Они ехали на дестриерах, боевых жеребцах, способных нести человека с оружием в полном доспехе. Копий у конных эллекинов не было, зато имелись булавы, мечи и топоры. На щитах у многих красовался перечёркнутый полосой незаконного рождения герб Ле Батара. Удостоверившись, что его ратники выбрались из-под сени леса, Томас махнул мечом вперёд, командуя атаку.

Они поскакали к врагу колено к колену, обогнули выступающий из травы валун и сомкнулись вновь. Все они были одеты в кольчужный доспех с пластинчатыми нагрудниками и наплечниками, все носили бацинеты без забрал. Стрелы продолжали сыпаться на людей графа. Некоторые уцелевшие разворачивали коней, надеясь улизнуть назад, но им мешали сражённые лучниками товарищи. А сбоку надвигался ряд чёрных всадников, и выжившие достали мечи. Горстке всё же удалось прорваться к роще севернее, где должны были волочиться арбалетчики. Другие сбились вокруг хозяина, получившего в бедро стрелу вопреки строжайшему запрету Томаса палить в сторону графа.

- Покойники не платят долгов, так что убивайте кого угодно, но граф должен нам достаться целым и невредимым.

Граф и рад был бы сбежать, однако его лошадь тоже поймала стрелу и едва на ногах держалась, не говоря уже о том, чтобы везти неподъёмную тушу наездника к спасению. Эллекины пустили коней в галоп, изготовили оружие, и град стрел прекратился, ибо лучники боялись попасть в своих. Вместо луков они взялись за холодное оружие.

Латники врезались в толпу врагов со звуком, с каким мясницкие топоры врубаются в тушу. Часть солдат графа под вопли избиваемых товарищей бросила оружие и подняла руки. Другие сражались. Томас, чувствовавший себя с мечом не столь уверенно, как с луком, парировал удар рыжего ратника, подал коня вперёд и раскроил рыжему башку. Боец в чёрной шляпе с длинным белым пером ткнул Томаса клинком в живот. Острие скользнуло по кольчуге. В ту же секунду всадника пронзил Арнальдус, эллекин из Гаскони, а сам Томас разрубил напавшему на него физиономию. Тот всхлипнул и рухнул под ноги коню. Отряд графа был захвачен врасплох, без брони и почти без оружия, поэтому заняла схватка считанные минуты. Дюжина всадников спаслась, прочие остались на поле боя мёртвыми или пленными.

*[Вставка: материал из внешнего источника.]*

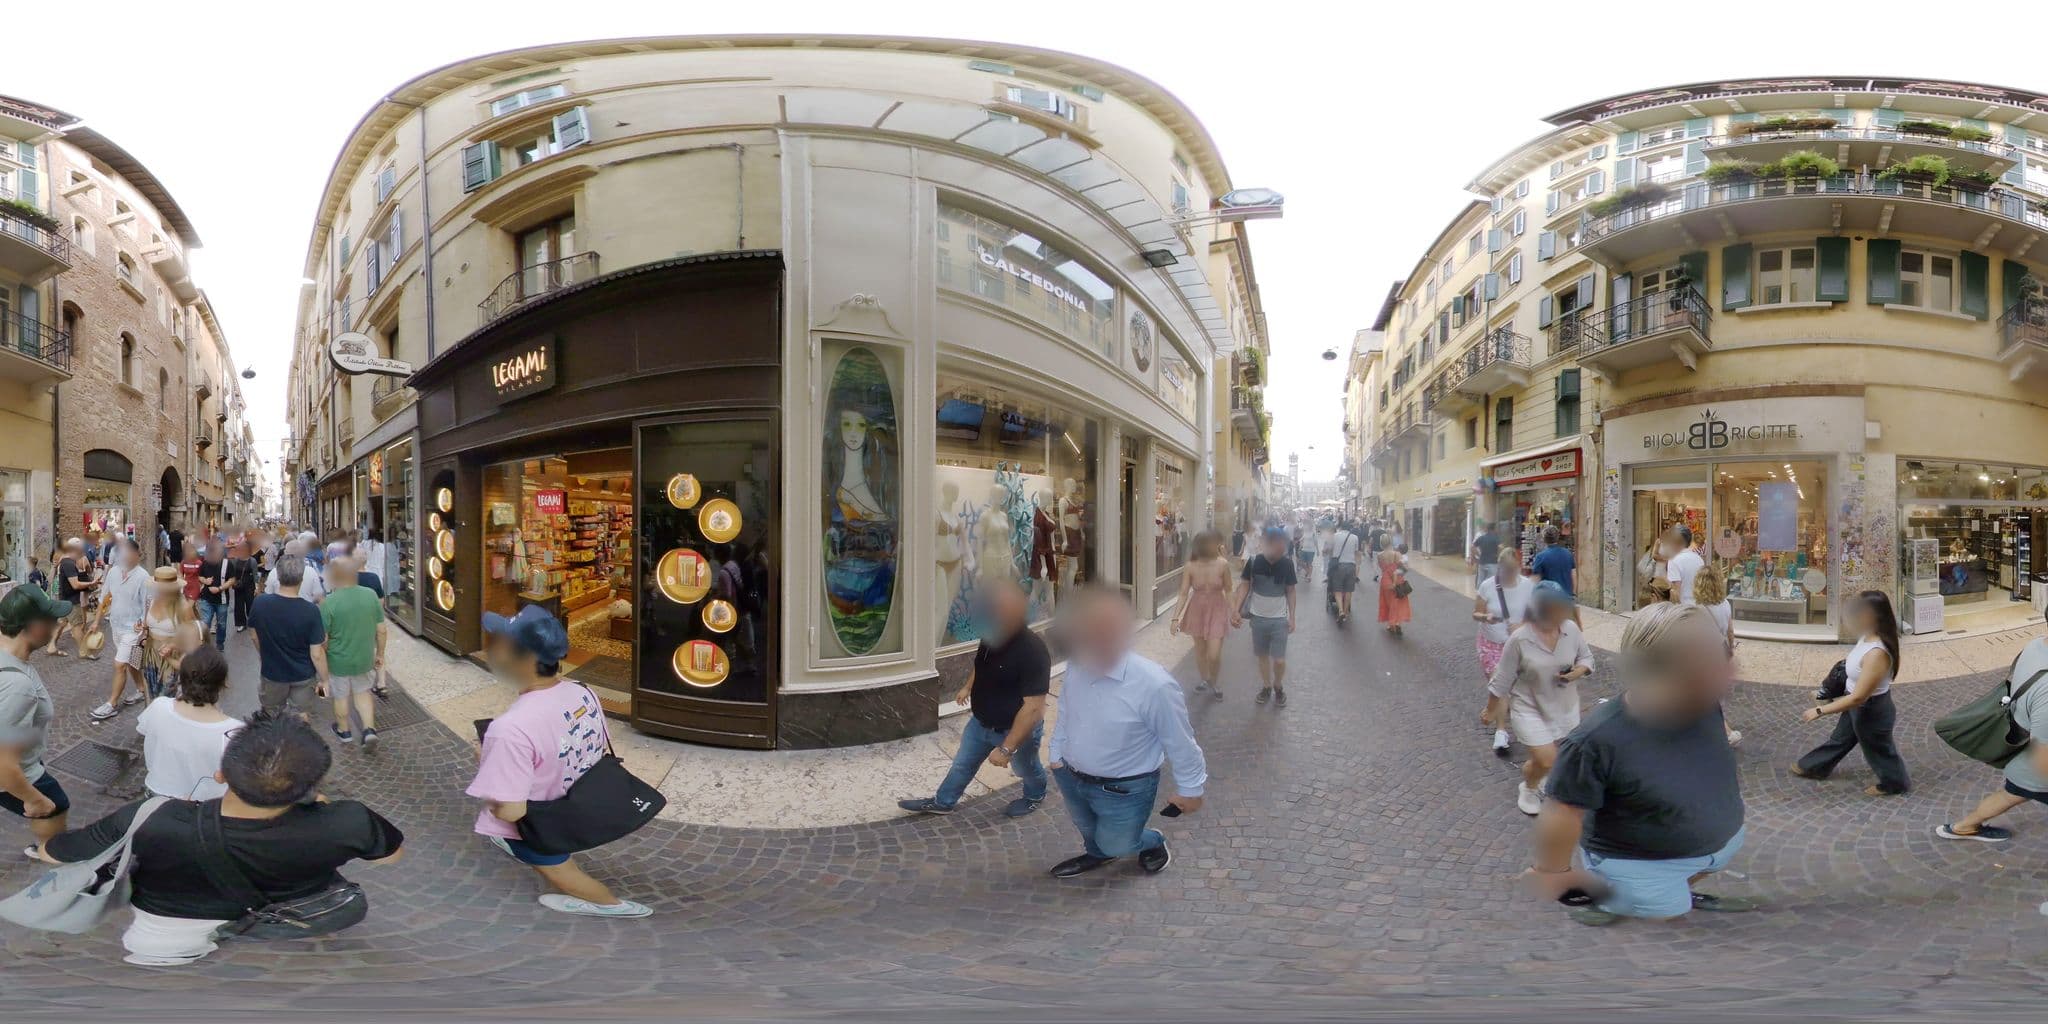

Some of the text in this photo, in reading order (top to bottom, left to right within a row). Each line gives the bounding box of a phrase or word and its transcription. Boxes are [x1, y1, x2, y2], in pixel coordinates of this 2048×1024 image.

[980, 252, 1087, 313] CALZEDONIA
[498, 375, 542, 396] MILANO
[1643, 431, 1686, 450] BIJOU

- Лучники! – гаркнул Томас, и десяток стрелков с луками наизготовку сдвинулся севернее на тот маловероятный случай, если у арбалетчиков достанет духу напасть.

Остальные лучники собирали стрелы, вырезая из их тел и поднимая с земли, складывали в чехлы. Пленников согнали к обочине. Томас направил коня туда, где лежал вывалившийся из седла Лабрюиллад:

- Монсеньор, за вами должок.

- Я расплатился!

- Сэм! – позвал Томас, - если Его Сиятельство изволит спорить, ругаться, негодовать или каким-либо другим способом отнимать у меня время, вгони ему в брюхо стрелу.

Он говорил по-французски. Сэм язык страны, где воевал не первый год, понимал, наложил на тетиву стрелу и дружелюбно улыбнулся графу.

- Итак, - продолжил Томас, - за вами должок.

- Если вас что-то не устраивает, - начал Лабрюиллад, с опаской поглядывая на Сэма, - Существуют суды…

Томас покачал головой:

- Зачем привлекать стряпчих для решения пустякового вопроса, на который вы можете ответить прямо сейчас. Где генуэзские дукаты, забранные из Павилля?

Лицо Ле Батара было жёстким, а его лучник натянул тетиву, и граф, хоть его так и подмывало соврать, что золото в Виллоне, сказал правду:

- В Лабрюилладе.

- Тогда пошлите латника в Лабрюиллад, - вежливо предложил Томас, - С приказом доставить золото сюда. И когда деньги будут у меня, мы с вами расстанемся к обоюдному удовлетворению.

- Расстанемся? – удивился граф.

- Ну да. На кой чёрт вы мне сдались? Потребовать выкуп за вашу весомую фигуру? Так пока будут его собирать, у меня на ваш прокорм уйдёт вдвое больше. Расстанемся, не сомневайтесь. Но прежде распорядитесь насчёт генуэзских дукатов и позвольте моим ребятам извлечь из вас стрелу.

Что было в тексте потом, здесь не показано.